Yeah, lots of Mesa amps have had adjustable biases added (though certainly not the majority by any means). Randall knows more about amps than my by a factor of hundreds, but I still think he's full of crap if he actually said that biasing is a waste of time. More like, he builds his amps that way so users don't screw crap up, plus he can make additional income selling his own rebranded tubes.

Yes, any brand of matched power tubes will work. You might even get a pair recommended for Mesa's bias range if you shop from a tube specialty place (tubestore.ca or others)

NOS preamp, if you have some lying around you can try them but I agree w Sammy, I wouldnt go out and spend $ to acquire any. That said, I disagree with him about the impact a single tube can have even in a complicated amp. They all sound different, particularly in what is traditionally V1, and in the inverter spot.


----------



## knight_yyz (Mar 14, 2015)

I'm pretty sure if you called a place that sells tubes and you tell them you want matched pairs for a MESA they would be able to give you something that would work perfectly for you. 

Or you could just buy a set of tubes as a "kit" from a tube store. For example the tube store in Hamilton has 3 different value packages, ranging from a full set of tubes at 100 all the way up to almost 700 USD if you want to spend the big bucks for NOS stuff.


----------



## sammyr (May 7, 2013)

Keto I definitely agree with you on v1. If you are gonna add some secret sauce to your amp v1 is usually the place to do it and the PI. Knight_yyz makes a good point as well. if you arent married to buying locally you plenty of places offer tube kits specifically for different mesa models.


----------



## High/Deaf (Aug 19, 2009)

If you have a bunch of old matched EL84's you want to use in the amp, then it might be worthwhile to have adjustable bias, so the amp can be adjusted to the tubes. Other than that, if you're buying tubes, just buy the ones that work within Mesa's range.

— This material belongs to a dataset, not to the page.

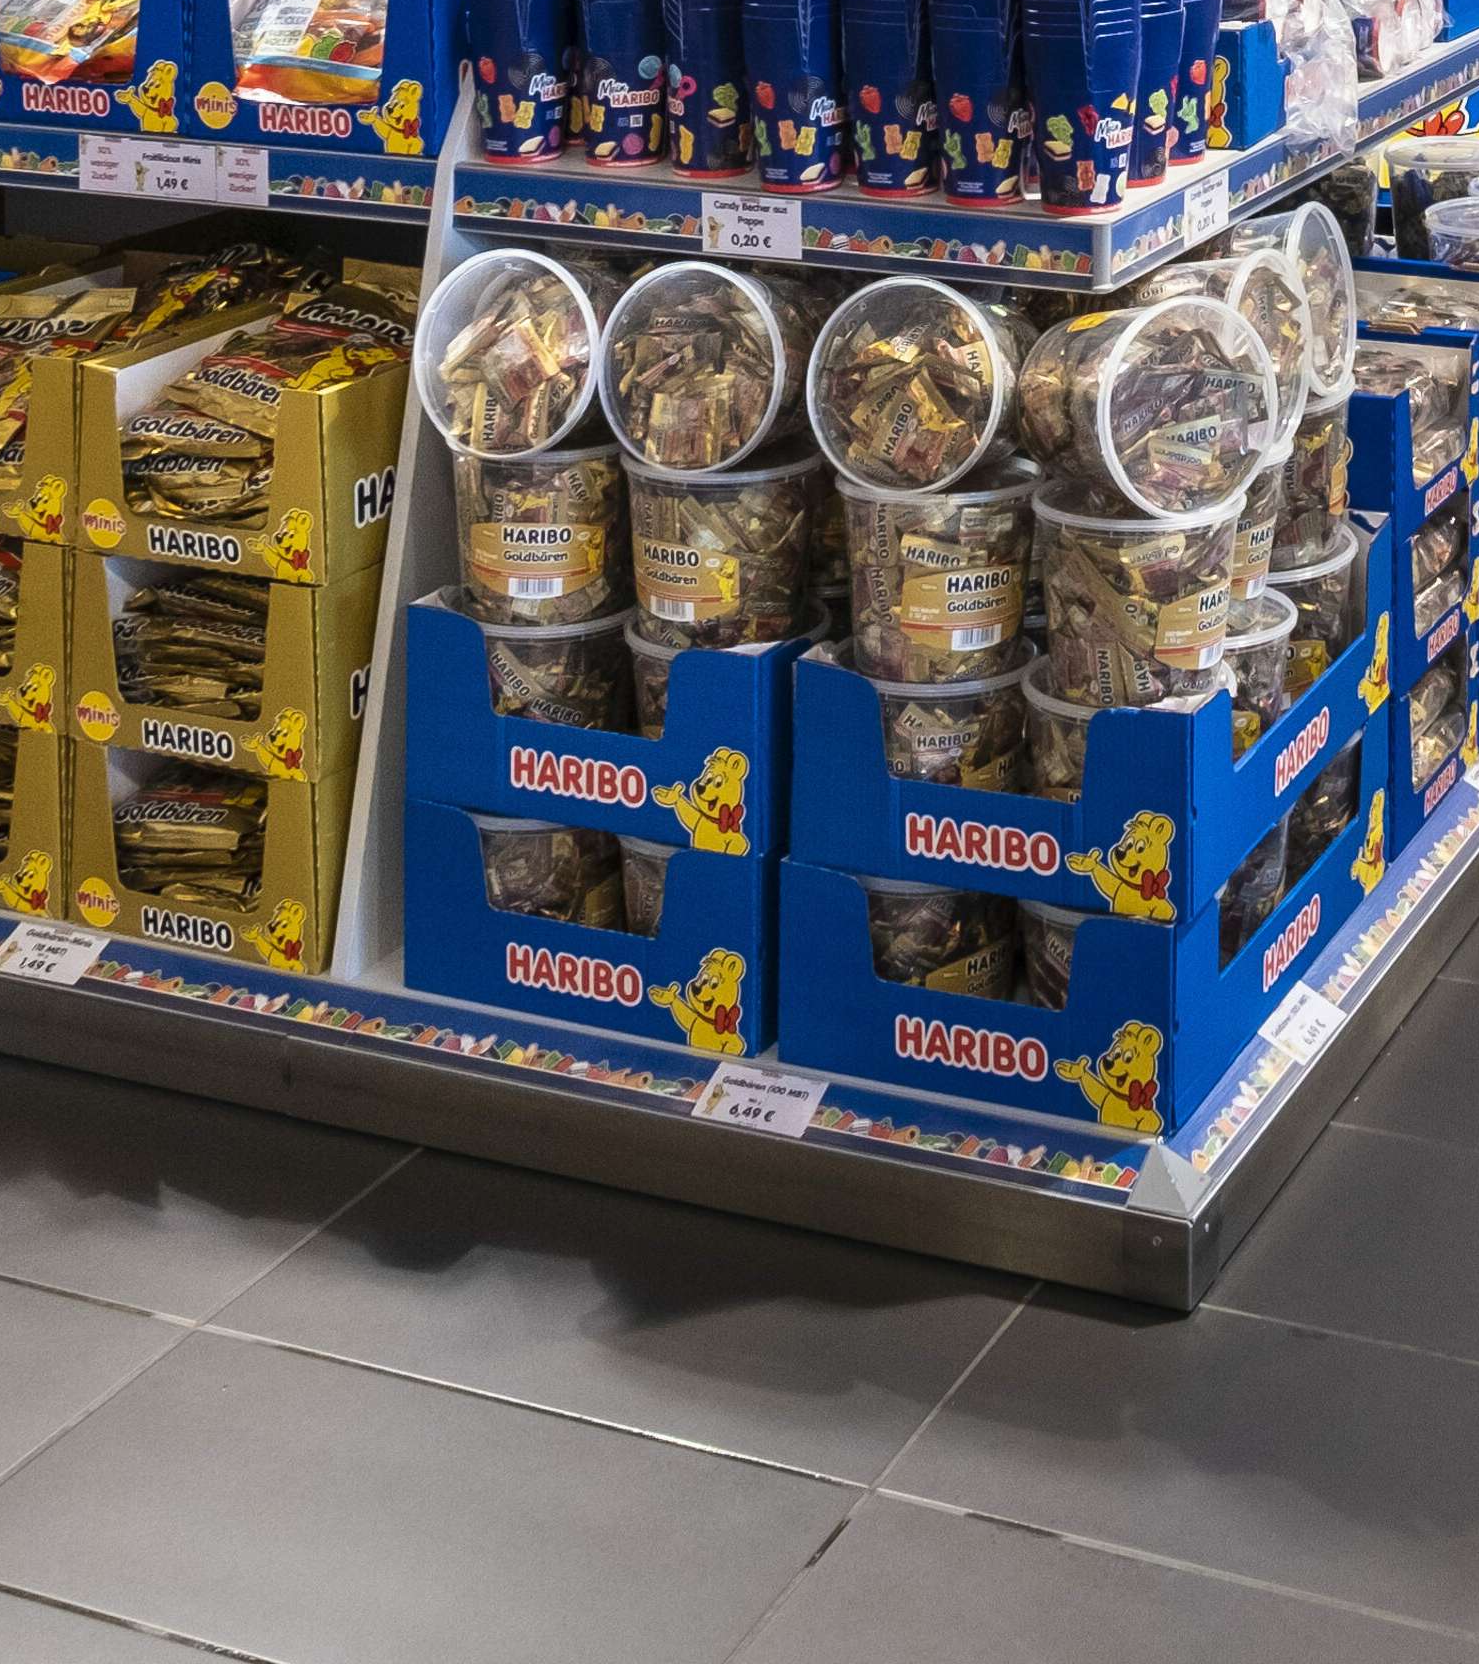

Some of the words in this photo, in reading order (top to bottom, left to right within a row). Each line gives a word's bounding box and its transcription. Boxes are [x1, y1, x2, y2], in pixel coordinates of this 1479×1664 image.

Or trade your amp for an LSS (cathode biased) and never have to worry about it.


----------



## Kerry Brown (Mar 31, 2014)

I put these in my TA-30.

www.thetubestore.com - Preferred Series 7189 (Premium EL84) Audio Tubes

Very happy with them. Gave a little fuller sound than the Mesa tubes which are now backup. I specified the amp when ordering them and they said they would make sure they met the Mesa specs. I've tried a few different 12ax7's but like the original Mesa ones the best.


----------



## keto (May 23, 2006)

Preamp, if you want more clarity and top end ZING, TungSols are the way to go. If you want the opposite, but more gain, go JJ's.


----------



## mrfiftyfour (Jun 29, 2008)

Thanks for the replies. 
I had already looked up the tube kit for my amp at the tubestore.com and had picked out the Preferred kit that Kerry linked to. I'll probably go with that.
Is that the same place based in Hamilton that Knight mentioned?
Just as an aside, I don't have any spare tubes kicking around to try out. 
Are there any shops in the Vancouver area that carry a good selection? L&M and Tom Lee don't really have any stock of tubes it seems.


----------



## Boogieman (Apr 6, 2009)

I have two old Mesa combos, a Mk.I and a Mk.II, with no bias mods added. I have been buying tubes from thetubestore.com in Hamilton for years. Just mention in your order what model your amp is and they will take care of it.


----------



## keto (May 23, 2006)

And yes, tubestore is in Hamilton. They are fabulous to deal with, most of us around here who have used them have nothing but good things to say about their products and services. You can save a few bucks going ebay or whatever, but their service etc is worth that to me.


----------



## knight_yyz (Mar 14, 2015)

They do ship.


----------



## mrfiftyfour (Jun 29, 2008)

Boogieman said:


> I have two old Mesa combos, a Mk.I and a Mk.II, with no bias mods added. I have been buying tubes from thetubestore.com in Hamilton for years. Just mention in your order what model your amp is and they will take care of it.


Hey Boogieman, I was wondering if you used the amp specific kits or did you hand select the tubes?


----------



## knight_yyz (Mar 14, 2015)

You can call them up and ask them for a matched quad for your Ta-30, then buy 12ax7's anywhere you choose depending on the tone you want. Only the 4 power tubes are biased.


----------



## Boogieman (Apr 6, 2009)

mrfiftyfour said:


> Hey Boogieman, I was wondering if you used the amp specific kits or did you hand select the tubes?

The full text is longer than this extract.